Indeed, as the hangman took out the corpse, we fell back and lay there among the waste of the banquet, the flagons overturned, the napery awry, the lamps extinct or spilt, the golden cups, chased with obscene images, thrown here and there, the meats hanging over the edge of their bejewelled dishes, their juice staining the white luxury of the linen; and in the midst ourselves, our limbs as careless as the wind, motionless.
One would have said: the end of the world is come. But through all that fiery abyss of sleep wherein I was plunged so deep, still stirred the cool delight of the knowledge that I had won the hand for which I played, that I was High Priest of Osiris in Thebai.
But in the morning we rose and loathed each other, our mouths awry, our tongues hanging loose from their corners like thirsty dogs, our eyes blinking in agony from the torture of daylight, our limbs sticky with stale sweat.
Therefore we rose and saluted each other in the dignity of our high offices; and we departed one from the other, and purified ourselves.
Then I went unto the Ceremony of Osiris, and for the last time the shameful farce was played.
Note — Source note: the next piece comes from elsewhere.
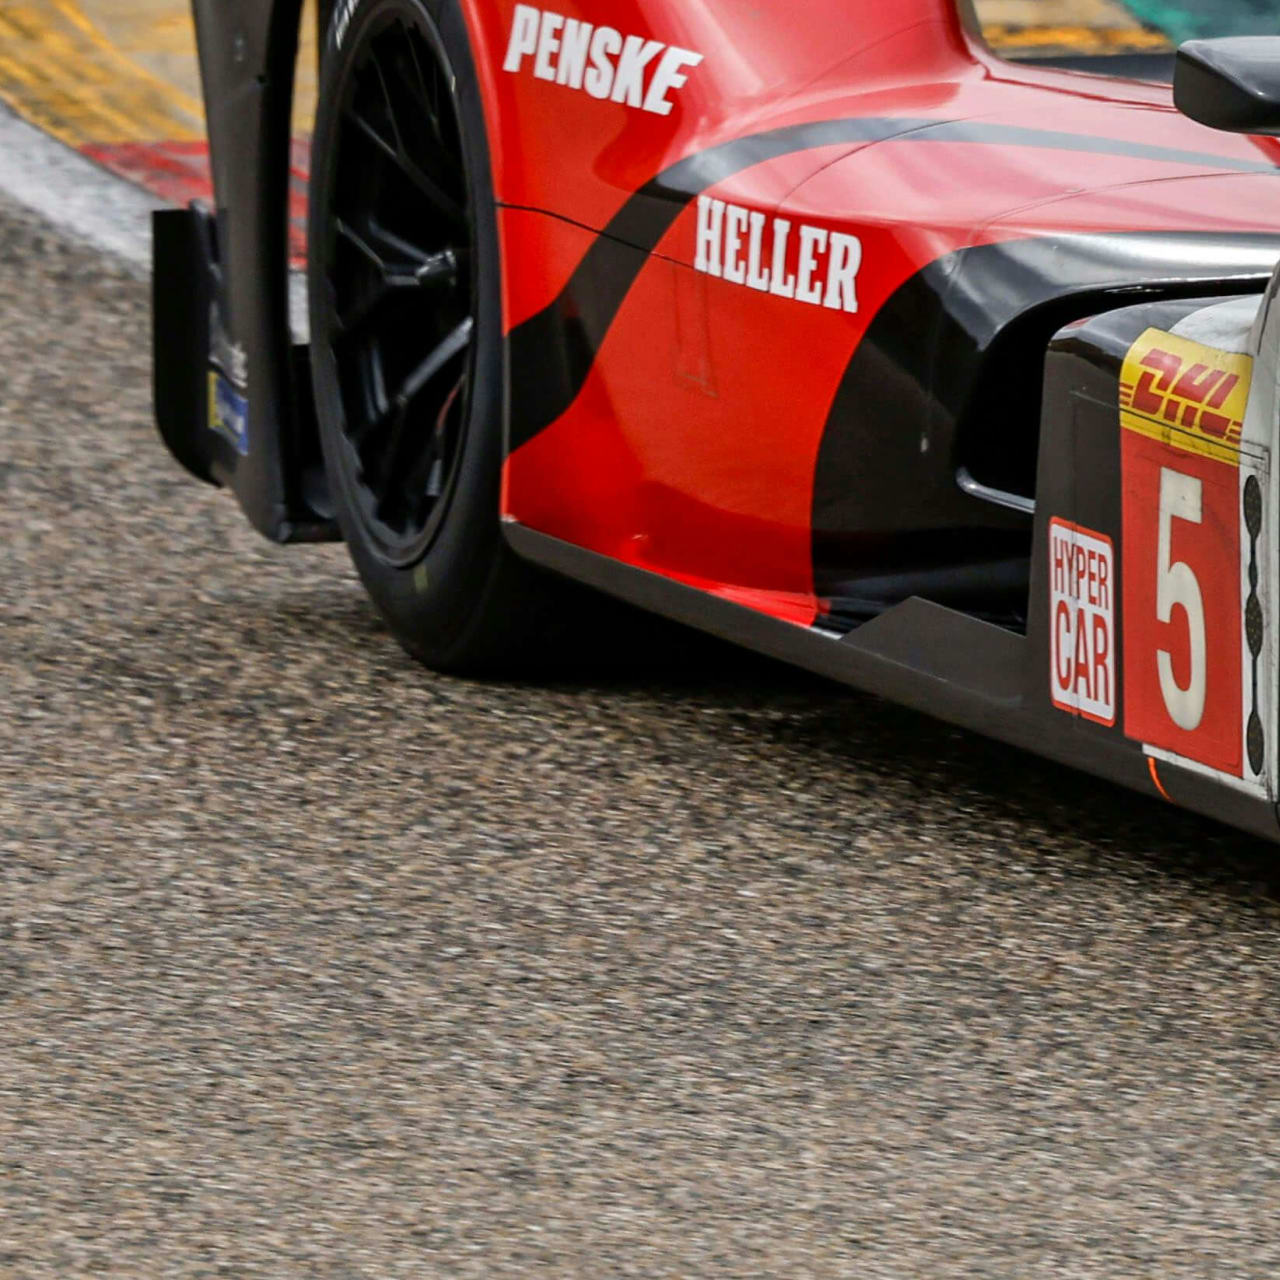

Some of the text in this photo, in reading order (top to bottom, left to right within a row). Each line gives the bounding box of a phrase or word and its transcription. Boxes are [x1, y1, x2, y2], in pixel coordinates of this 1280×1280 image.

But in my heart I vowed secretly to cleanse the temple of its chicanery and folly. Therefore at the end of the ceremony did I perform a mighty banishing, a banishing of all things mortal and immortal, even from Nuit that circleth infinite Space unto Hadit the Core of Things; from Amoun that ruleth before all the Gods unto Python the terrible Serpent that abideth at the end of things, from Ptah the god of the pure soul of aethyr unto Besz the brute force of that which is grosser than earth, which hath no name, which is denser than lead and more rigid than steel; which is blacker than the thick darkness of the abyss, yet is within all and about all.
Then during the day I took counsel with myself, and devised a cunning to match the cunning of them that had blasphemed Osiris, who had at last become my God.
Yea! bitterly would I avenge him on the morrow.